UK officials hope to spur blockchain development with regulatory sandbox
Bank of England governor Andrew Bailey. The BoE and Financial Conduct Authority will oversee the Digital Securities Sandbox, which comes into force today. Credit: Andrés Tapia/DL News.
  • Modified financial regulations apply from today, allowing firms to evaluate blockchain technology.
  • The FCA and Bank of England will oversee the project, which will run for five years.
  • Regulators are interested in securities tokenisation for more efficient markets.

UK regulators have modified existing regulations to provide a controlled environment in which financial firms can experiment with trading securities on blockchain technology.

From today, the Financial Services and Markets Act will apply to companies participating in the Digital Securities Sandbox, overseen by the Financial Conduct Authority and Bank of England.

Asset tokenisation — trading representations of securities on the blockchain — is a trendy buzzword.

Even BlackRock CEO Larry Fink has said that tokenisation is the future of financial markets.

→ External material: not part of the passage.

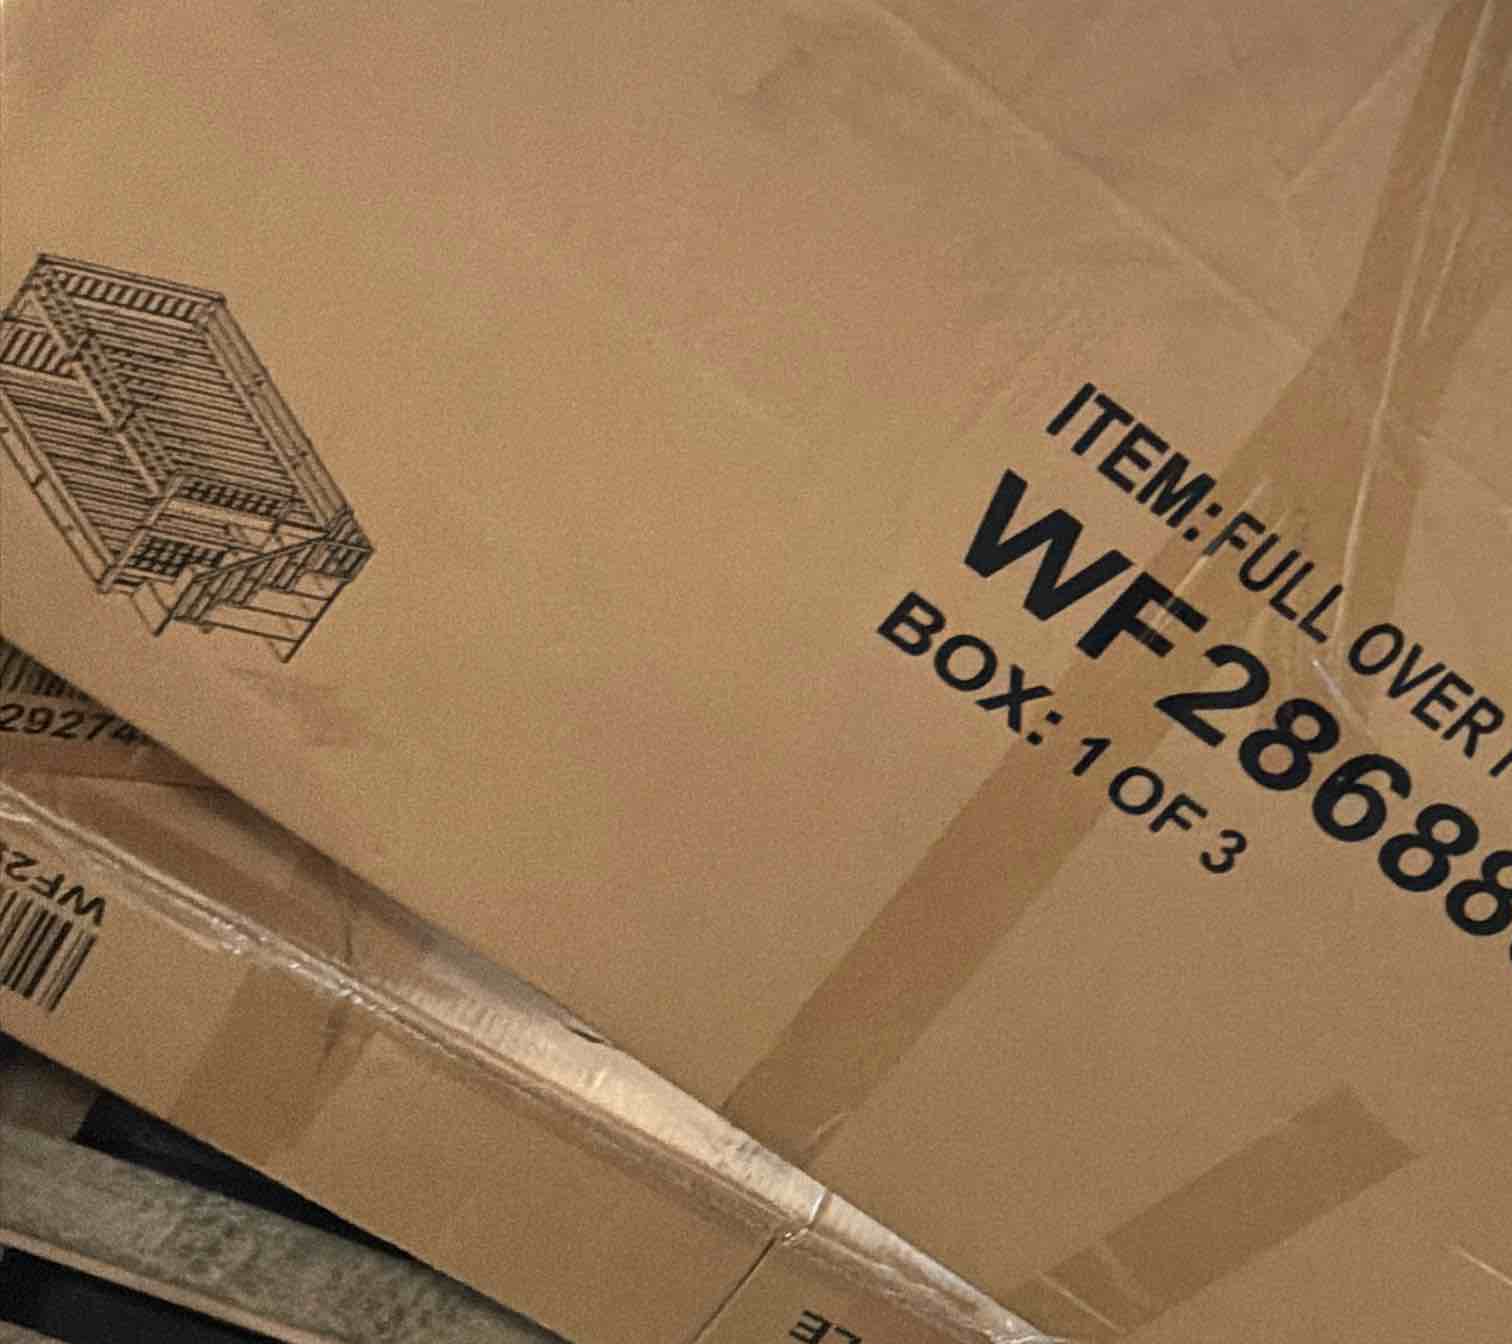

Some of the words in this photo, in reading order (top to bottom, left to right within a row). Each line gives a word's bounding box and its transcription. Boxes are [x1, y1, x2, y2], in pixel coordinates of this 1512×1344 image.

Still, there are legal and regulatory hurdles for financial firms wanting to tokenise securities.

The sandbox follows a consultation process that kicked off when a government report found that the UK’s legal framework would not support the use of blockchain.

Regulators worldwide are responding by setting up controlled environments where firms can test blockchain tech, and the DSS is one such initiative.

Kelly Coulter, a digital asset specialist at the FCA, told an interviewer in December that the DSS would allow registered and regulated firms “to practise in a live environment to test the trading and settlement of traditional assets.”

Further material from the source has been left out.